It may be harsh but it sounds like she may be better living some where were she will get the things she needs, routeen, boundrys, the apropriate soroundings and people who will be able to help her make her needs known better and can understand her condition better.

People with autism are not like the rest of us. Problems occur when we try and make them behave and live in the normal world, instead of understanding what they need and changing our world to be more autism friendly.

Sorry about the essay.


----------



## Dragonfly

I get what you mean she is 15 and its only since I moved out years ago after coming back she is a hooligan now. She was spotted once ripping someones pillers down in their drive way by a friend who approached her and stopped her. 

she has someone call to her to see how she is from these helps, my parents do have things for her only i dont get why they all say we just have to except she does harm to herself. there is no bounderies for her at alol she can push and push and once she pushes hard enough to warrent a shouting from my mum then she goes ballistic and wreaks the place! goes on for ages the banging and slamming and punching. I know my mum is good at ignoring everyone so i assume my mum was ignoring her and theonly way tyo get attention was to get shouted at. 

My aunt had her for a day before and said she was an angel, she is an angel at school its soon as she crosses that front door she turns, door slams and she is a monster demanding everything and getting it. There was no disiplin ever for her as they where told not to, just leave her like that she wouldnt listen anyway. I dont agree with any of the advice and now we are dealing with more serious issues that seem to be ignored. 

She has her routine if its broken god forbid! but the routine involes commanding my parents on where they go, how long etc. She is used to getting her 6 choc bars a day, when she gets in from school there is 3 and when she goes out after dinner with dad there is more or dad has to get her some. 

I am just worrked that she will do herself some seriious harm and is not getting the proper help she needs. My parents never seem to see it as a prob as they are told this is normal and to ignore it all.


----------



## lozzy21

Its only normal because she sounds spoilt. Half these social workers have learnt what they know from a book. They have never had to deal with the behaviour.

I work at a place for adults with learning disabilitys with challing behaviour. Its a pilot scheam to see if people with severe behaviours can live in the community. Its the first of its kind in the north east, all the tennats have been in institutions for most of there life.


----------



## Dragonfly

sounds interesting. My parrents only listen to social workers, and these ones I have challanged to. I made her a star chart 4 years ago, this was so that she brushed her teeth, cleaned her room and wore cloths (she used to walk about with no knickers on just a top and no one would say anything to her) 
I had moved back in as i lost my flat due to job lose etc it worked well, she had a goal to do. got her 5 gold stars and a special one for completeing it and she she didnt she didnt get her speical star if she got 4 etc. She was perfect then. I told social worker who complently laughed at me for doing that and told parents there was no point! 

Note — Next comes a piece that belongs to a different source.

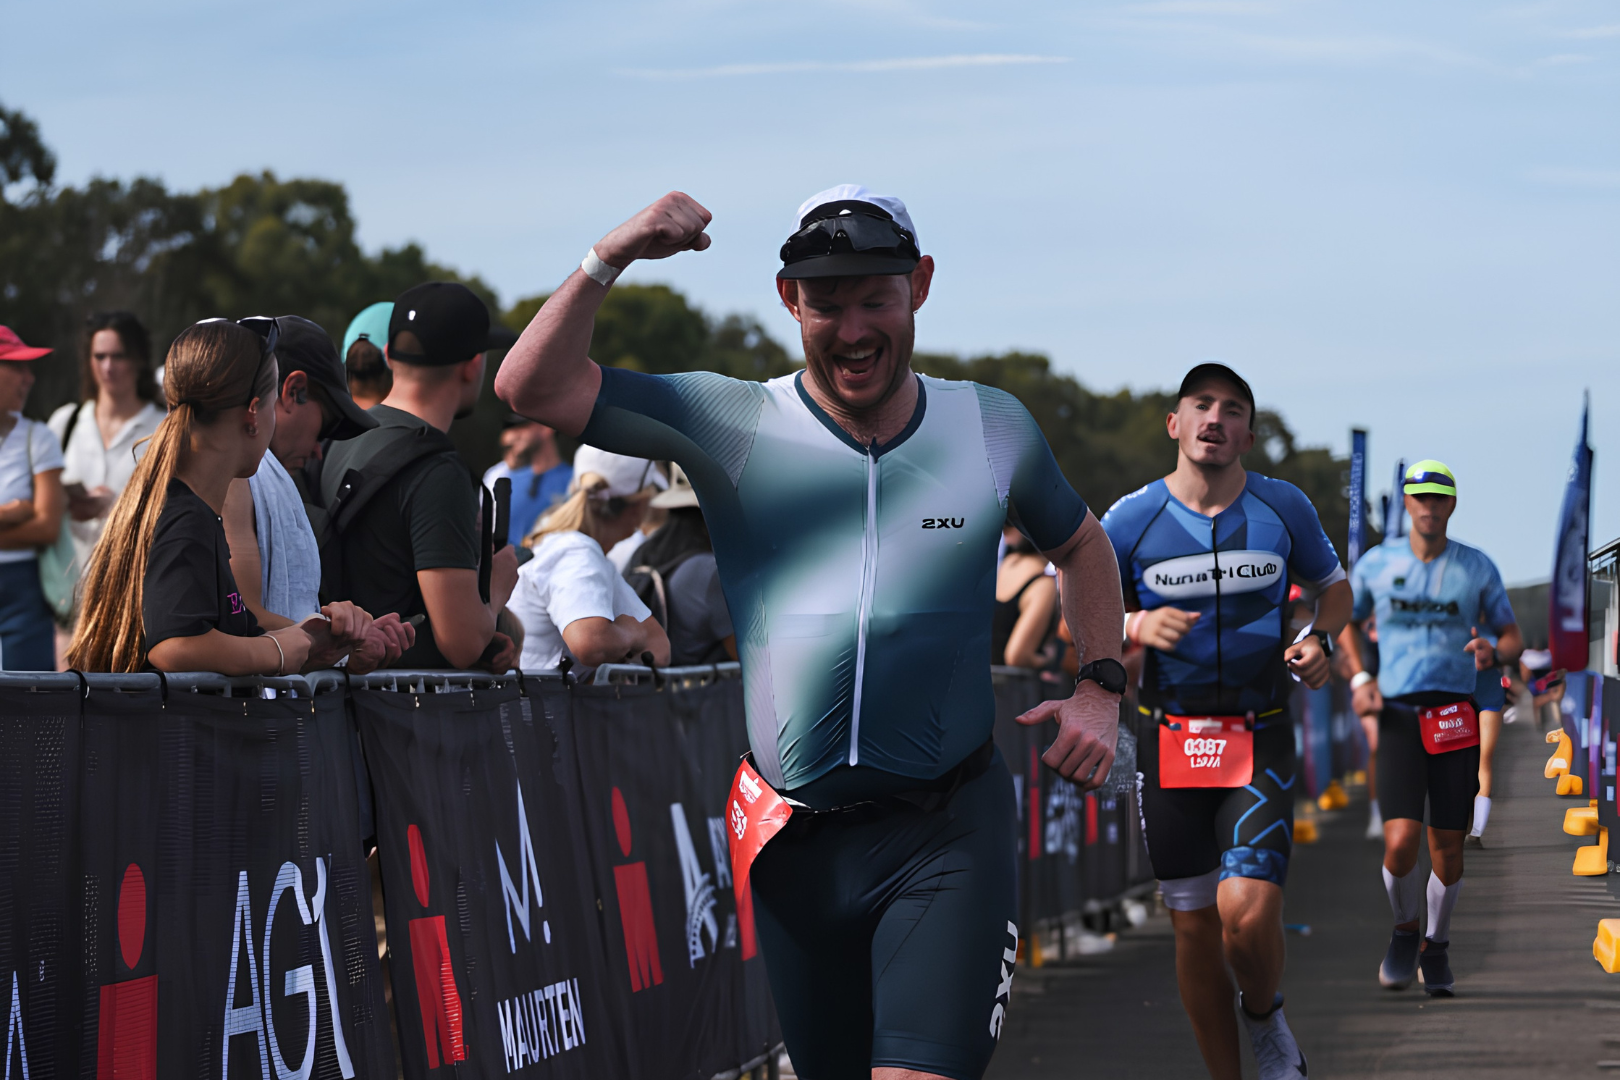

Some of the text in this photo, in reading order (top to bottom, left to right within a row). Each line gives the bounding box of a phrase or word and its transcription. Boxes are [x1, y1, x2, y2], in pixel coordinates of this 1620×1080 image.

[921, 517, 965, 529] 2XU
[1184, 738, 1227, 756] 0387
[497, 977, 586, 1074] MAURTEN

then parents moved and i stayed in old house and never done the chart and now she is worse. They just wont entertain it at all. They have no time for it. 

she has everything! sterios at £600 which i wanted when dad was finished it was about 26 years old anyway. PS2, own sky system to watch what she likes and a room full of junk and mold from the food she just stores up there. My dad had to pay poeple to clean that as no one can do it anymore. She hordes things from the bin to. She is turning ferril. She was once a lovely girl that smiled and knew how to have fun. Now she is moody grumpy and abusive. Its slowly crept in this. Maybe its teen hormones or something. 

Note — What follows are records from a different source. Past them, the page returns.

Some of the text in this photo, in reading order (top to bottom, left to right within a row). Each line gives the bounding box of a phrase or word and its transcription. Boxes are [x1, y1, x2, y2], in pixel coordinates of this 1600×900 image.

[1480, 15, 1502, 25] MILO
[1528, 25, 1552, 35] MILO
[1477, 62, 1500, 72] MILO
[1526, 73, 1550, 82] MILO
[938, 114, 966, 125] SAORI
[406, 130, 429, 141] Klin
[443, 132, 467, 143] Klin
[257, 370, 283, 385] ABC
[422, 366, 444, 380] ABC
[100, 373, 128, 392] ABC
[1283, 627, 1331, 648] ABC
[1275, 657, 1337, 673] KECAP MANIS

she had allerggy tests done as i notcied she was having prob with the loo as i would hear her getting up 6 times a niht and straining. Then would have a sore belly and her skin looked bad. Parents paid for test private. It came up she was allergic to wheat (like me) chcolate and caffien. I do believe her diet effects her behavior as she goes mad after choc! I have an intolerance to wheat she has the coalics disease and my parenst tried her for 1 week without wheat and she was so much more calmer! then they gave in and she was a nightmare again. 

if she didnt have her dinner on the time she wated, and percisley she would bin it infront of you. She wouldnt let my parents come and see william as she was jealous! she lingers around the door in my house waitying for parents then says "!where leaving now" and they jump. I was shcoked to see how much she had a hold on them in the past few years. 

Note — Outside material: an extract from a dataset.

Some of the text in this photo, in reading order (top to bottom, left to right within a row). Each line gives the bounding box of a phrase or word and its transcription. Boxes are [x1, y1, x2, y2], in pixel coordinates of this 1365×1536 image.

what happens if its just left like that and nothing changes? will she do herself serious harm. will the stress cause my dad to have a stroke as he has high BP and diabtes as it is,. 
i always found bargining worked when i worked with special needs, i got oin with all of them. Staff got jealous i was able to get them to do stuff that they where not. there is a way of doing it only my parents dont think i am qualified to speak about this. :( 

maybe she is better off in a home. She does go to respite where she is an absolute angle aswell.


----------



## lozzy21

Hormoans will have a part to play. 

If your parents arent going to listen, there is not much you can do. But is will come back and bite them in the arse as she gets older.

I think things would be stoped if she was realy injuring herself. Im sure school and respite are keeping an eye on it. Dose she have a support worker? They should liase with her social worker and relay and concerns.


----------



## Dragonfly

she has all them poeple, i am beginnig to think my parents are saying its not a prob to them since nothing is happening. 

she is fine in care and in school just not at home. She is like a tornado, i can even hear her going mental when i am on the phone to dad bossing orders and bashing things. She is capable of good bahavior but only for certain poeple and thats everyone except parents. 

There isnt anything i can do i realise that now. I am not even going to bring it up again as it starts a row and i get told where to go. I tried several times over the years to help and its come to this. 

and they are paying for it all now, it will just get worse only they cant see they can make it easier all round they just let it go on like that. 

I really do appreciate your help, its helped me get it out of me as i am so angry at them right now. I have been for years just for dismissing everything and ignoring it all. I live in that house we all used to live in as i took over the rent and its wreaked. I have wholes in the fireplace i have to repair which will cost a fortune and holes in the wall which we had to fill in. We had to decrate most the house we could afford as it was covered in food, she throws her dinner at walls and anything she has. Was really minging her room. We had to lift carpet and do the walls again. She has had two floors down in parents house and their house is 3 years old. Wooden ones! she was moved to another room as she had to much mess and now she is just pissing in the middle of the floor. 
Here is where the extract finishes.